Wednesday, July 18, 2018
Extension Entomologist, Auburn University
We are entering the most critical period of bollworm presence during the next 20 days (July 15-Aug 1). This increase in bollworm activity began last week (July 9-13) along the Gulf Coast and the Mobile/Santa Rosa County (Jay) FL area. By July 20th, we should see an increased bollworm egg lay in Central AL (Montgomery, Prattville, Selma areas). By the 25th this increase may reach Cherokee County in the northeast, and by August 1st the Tennessee Valley area of northern AL.
Increased bollworm moth presence was noted last week as far north as Pike and Barber County (Troy) area. This increased moth activity will be influenced by the planting date and acreage of corn planted in a given region of the state. Most all bollworm were corn earworms in corn previous generation. This life cycle is about 30 days and the eggs in corn were deposited during the white or pink silk stge. About 30 days later these moths that emerged from corn are looking for their next host. Cotton is the best host they will find in AL (not soybeans or peanuts).

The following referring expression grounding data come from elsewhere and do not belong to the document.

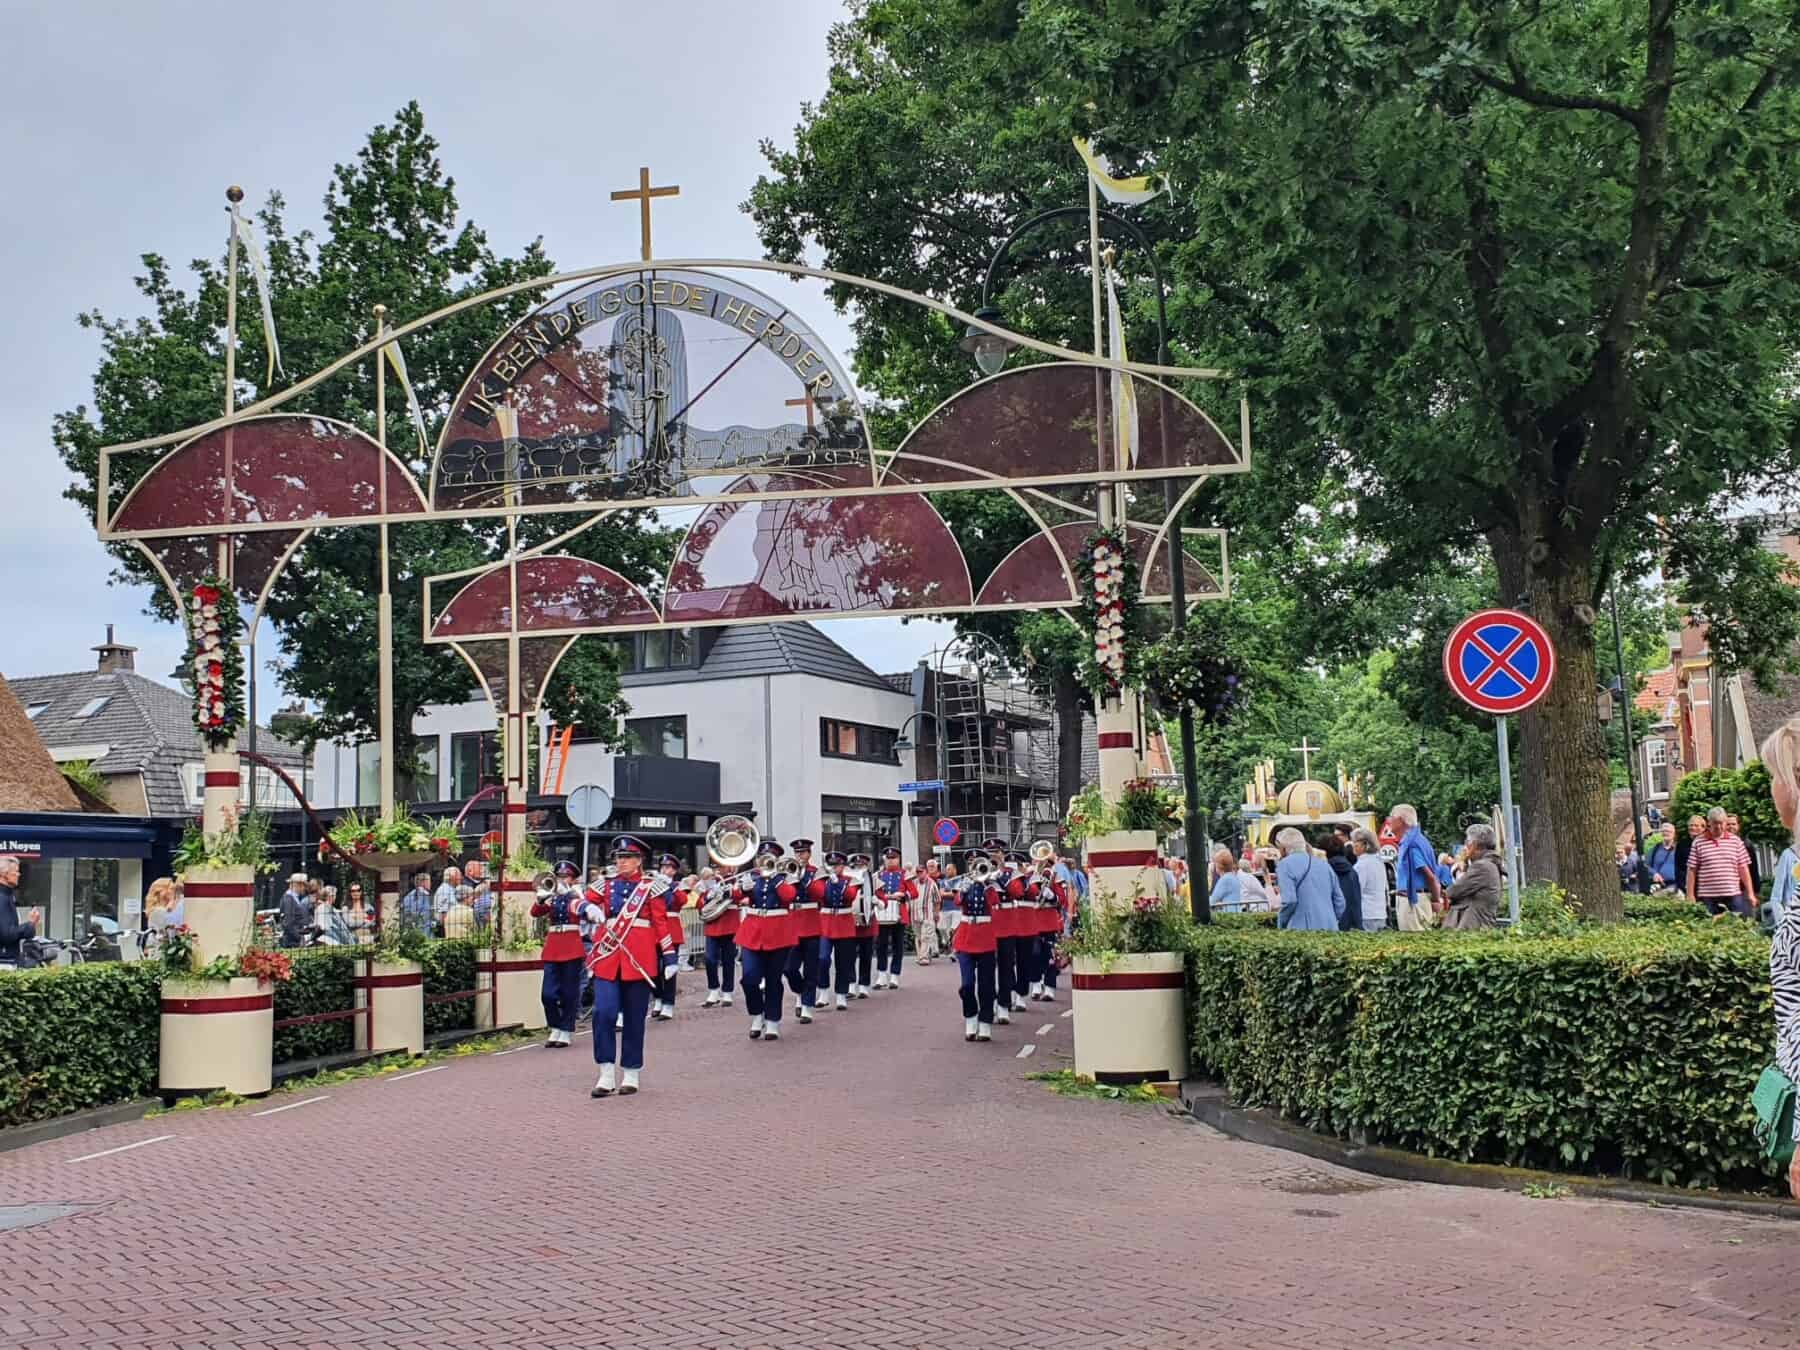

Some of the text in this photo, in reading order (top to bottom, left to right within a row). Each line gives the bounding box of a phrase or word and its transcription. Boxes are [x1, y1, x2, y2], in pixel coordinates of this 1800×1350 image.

[469, 280, 833, 415] IK BEN DE GOEDE HERDER
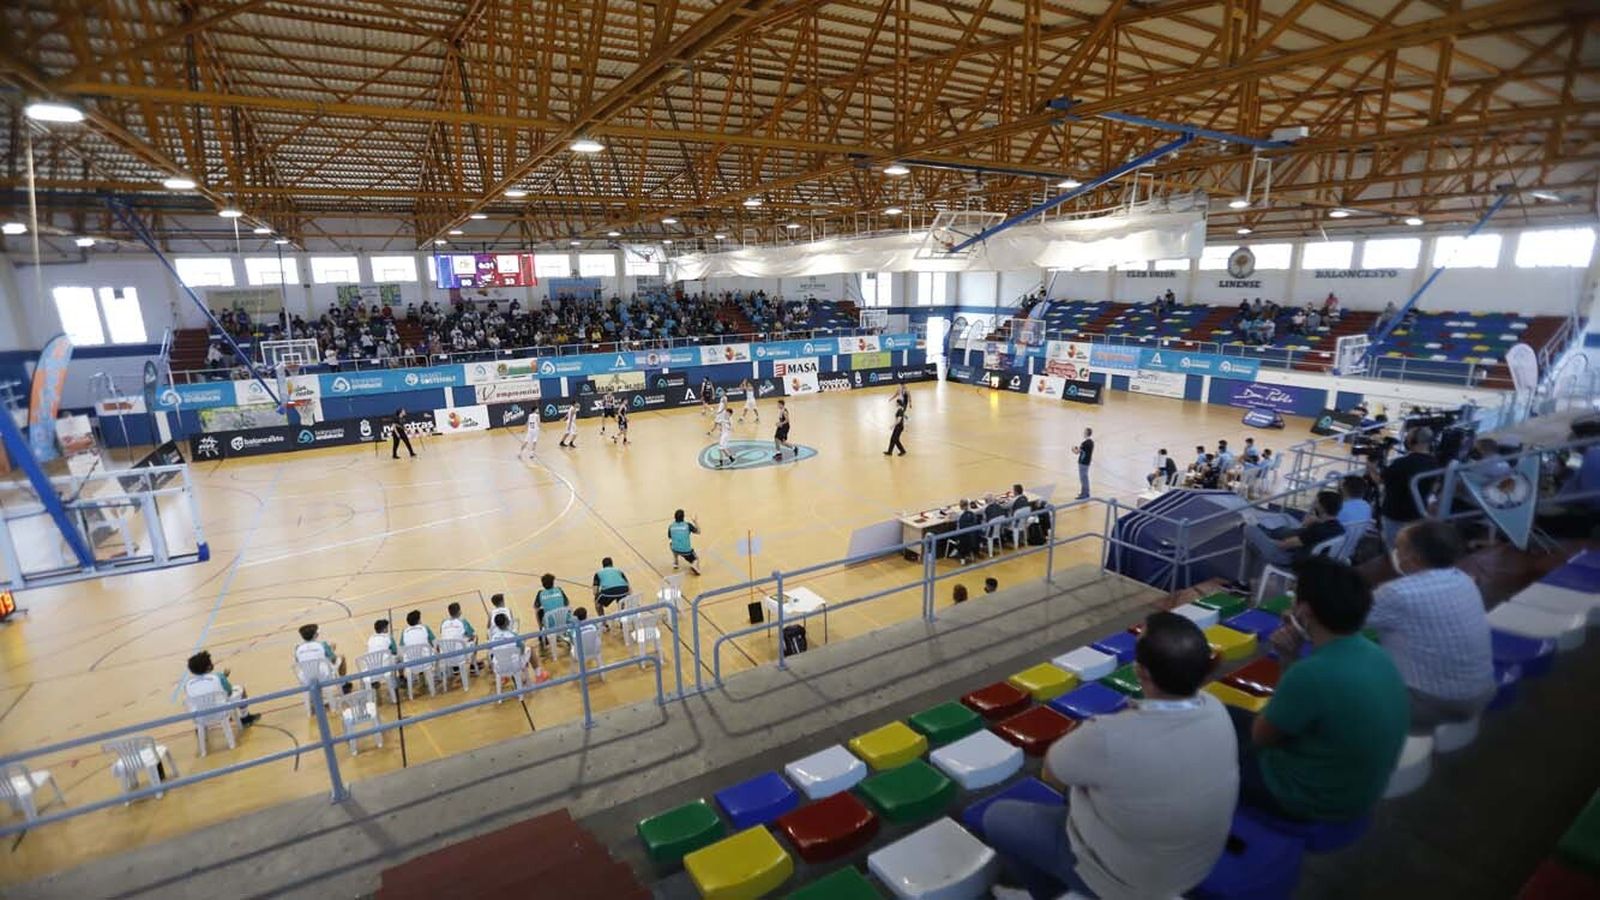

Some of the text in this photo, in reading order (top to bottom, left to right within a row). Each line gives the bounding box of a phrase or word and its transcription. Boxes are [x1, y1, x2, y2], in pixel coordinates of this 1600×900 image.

[1315, 269, 1397, 279] BALONCESTO
[1218, 280, 1261, 289] LINENSE
[788, 362, 818, 374] MASA

Many (but not all) fields in all areas of the state had more worm damaged bolls in 2017 than we had seen since 1995. If we want to prevent this from happening again, the next 2 weeks are critical.
I assume that most realize now that our 2 gene cotton has lost some level of effectiveness against the bollworm species. When resistance is a factor, the problem usually gets worse over time—it seldom gets better.

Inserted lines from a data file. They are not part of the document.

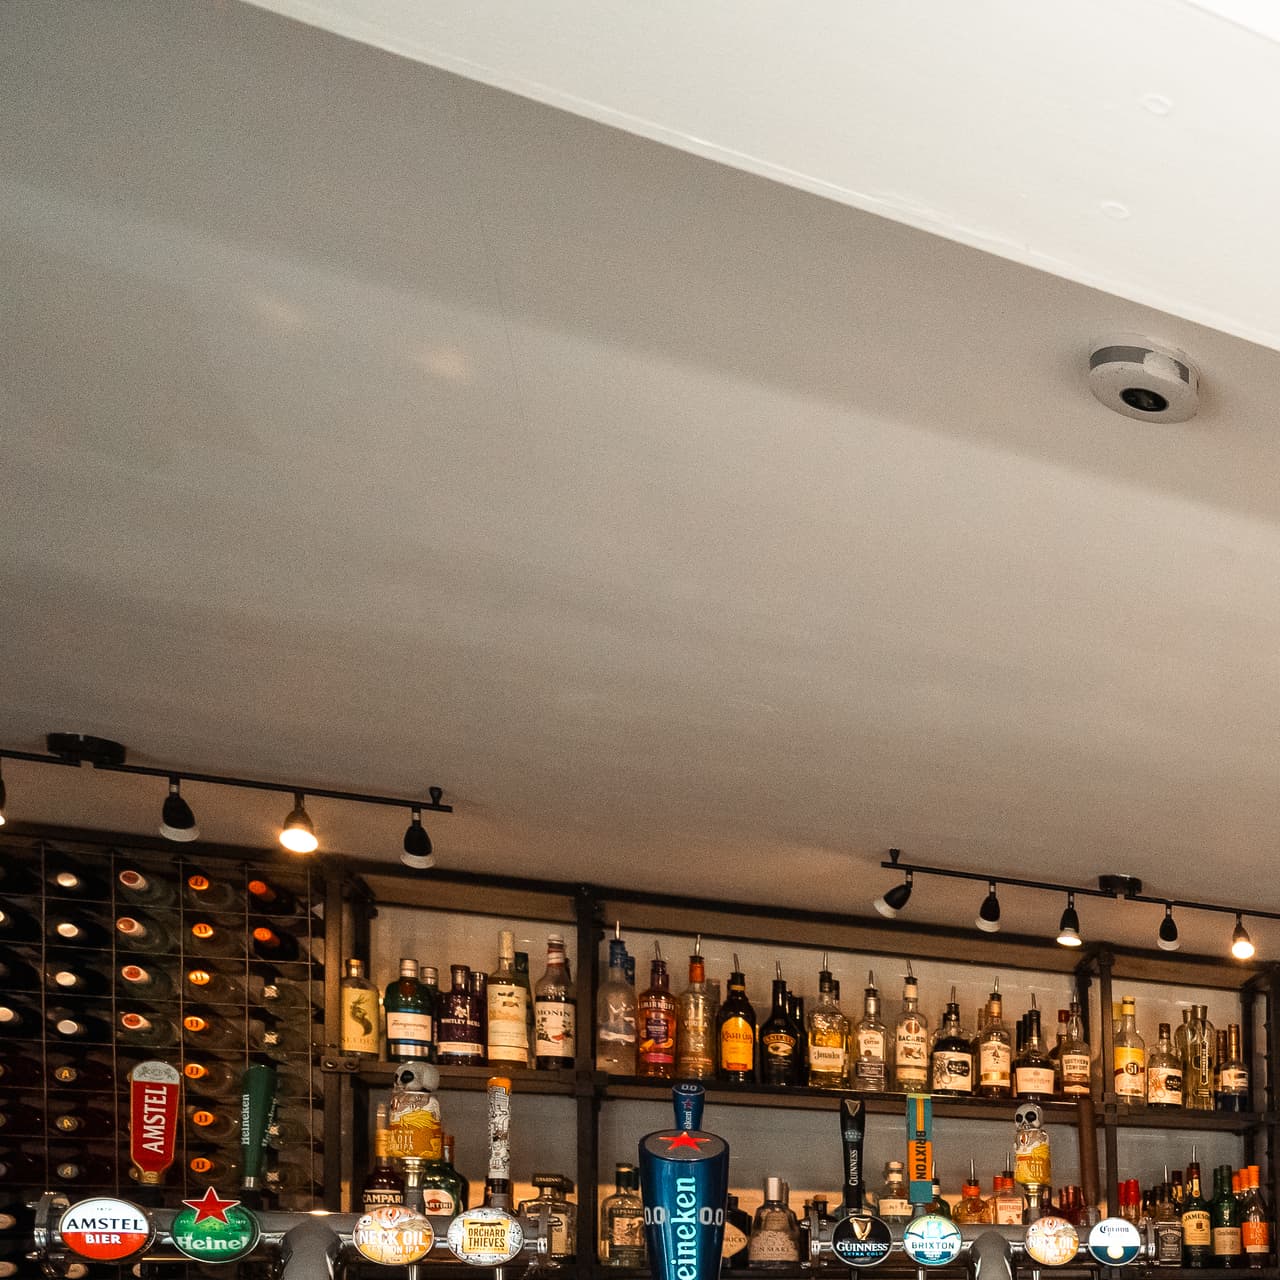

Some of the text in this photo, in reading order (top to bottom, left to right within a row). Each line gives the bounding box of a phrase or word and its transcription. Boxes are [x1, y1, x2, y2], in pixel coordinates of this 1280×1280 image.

[1127, 1063, 1138, 1075] 51
[142, 1085, 168, 1155] AMSTEL
[241, 1093, 250, 1146] Heineken
[915, 1130, 927, 1181] BRIXTON
[848, 1149, 859, 1187] GUINNESS
[362, 1193, 404, 1204] CAMPARI
[425, 1201, 453, 1209] ARTINI
[644, 1206, 666, 1226] 0.0
[699, 1206, 724, 1226] 0.0
[66, 1217, 143, 1231] AMSTEL
[1099, 1225, 1130, 1234] Corona
[85, 1233, 122, 1245] BIER
[359, 1230, 427, 1246] NECK OIL
[468, 1227, 506, 1239] ORCHARD
[468, 1237, 506, 1249] THIEVES
[836, 1241, 889, 1252] GUINNESS
[911, 1241, 955, 1250] BRIXTON

Now, what should fieldmen be looking for?
1. Eggs in terminals or on the fruiting structures: square bracts, white or red blooms (threshold on 2 gene cotton is 20 eggs/100 plants)
2. Damaged squares in the upper canopy – may find more damage to small squares near the terminal in Phytogen varieties (5% damage is threshold).
3. Newly hatched larvae
May find in small squares in Phytogen varieties
May find more in open white blooms or underneath red or dried blooms in Delta Pine and other varieties
(5% of plants with small larvae is threshold)

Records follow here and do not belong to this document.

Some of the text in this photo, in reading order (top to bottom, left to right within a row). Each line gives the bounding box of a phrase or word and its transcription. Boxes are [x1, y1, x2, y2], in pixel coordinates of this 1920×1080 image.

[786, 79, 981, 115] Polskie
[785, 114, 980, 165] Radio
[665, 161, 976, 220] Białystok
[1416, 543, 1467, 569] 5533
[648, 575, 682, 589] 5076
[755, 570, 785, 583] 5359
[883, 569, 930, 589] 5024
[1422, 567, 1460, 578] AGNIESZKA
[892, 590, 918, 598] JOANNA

These small larvae are white when they have just hatched and will turn pale green within a day or so.
One thing that makes them stand out in a white bloom is they will have a black or dark brown head. Often the head is the best thing to look for since being dark stands out from the white bloom petals. (See Picture)
Once a significant increase in eggs or small larvae are detected—do not waste more time in the field. Get the word to the grower and get the sprayer loaded. Every 24 hour period that passes from detection to treating means less effectiveness with your insecticide. Also note that these bollworm moths will likely seek out our oldest and most promising cotton to deposit eggs in.
Now what treatment options do we have? Basically two. We can try the older chemistry, pyrethroids, or we can go to the newer chemistry, Besiege and Prevathon.
Things to consider here: bollworms have shown levels of resistance to pyrethroids in many areas of the cotton belt. However, the pyrethroid chemistry is much less expensive. Pyrethroids have about a 4-5 day residual on bollworms, where they are still active.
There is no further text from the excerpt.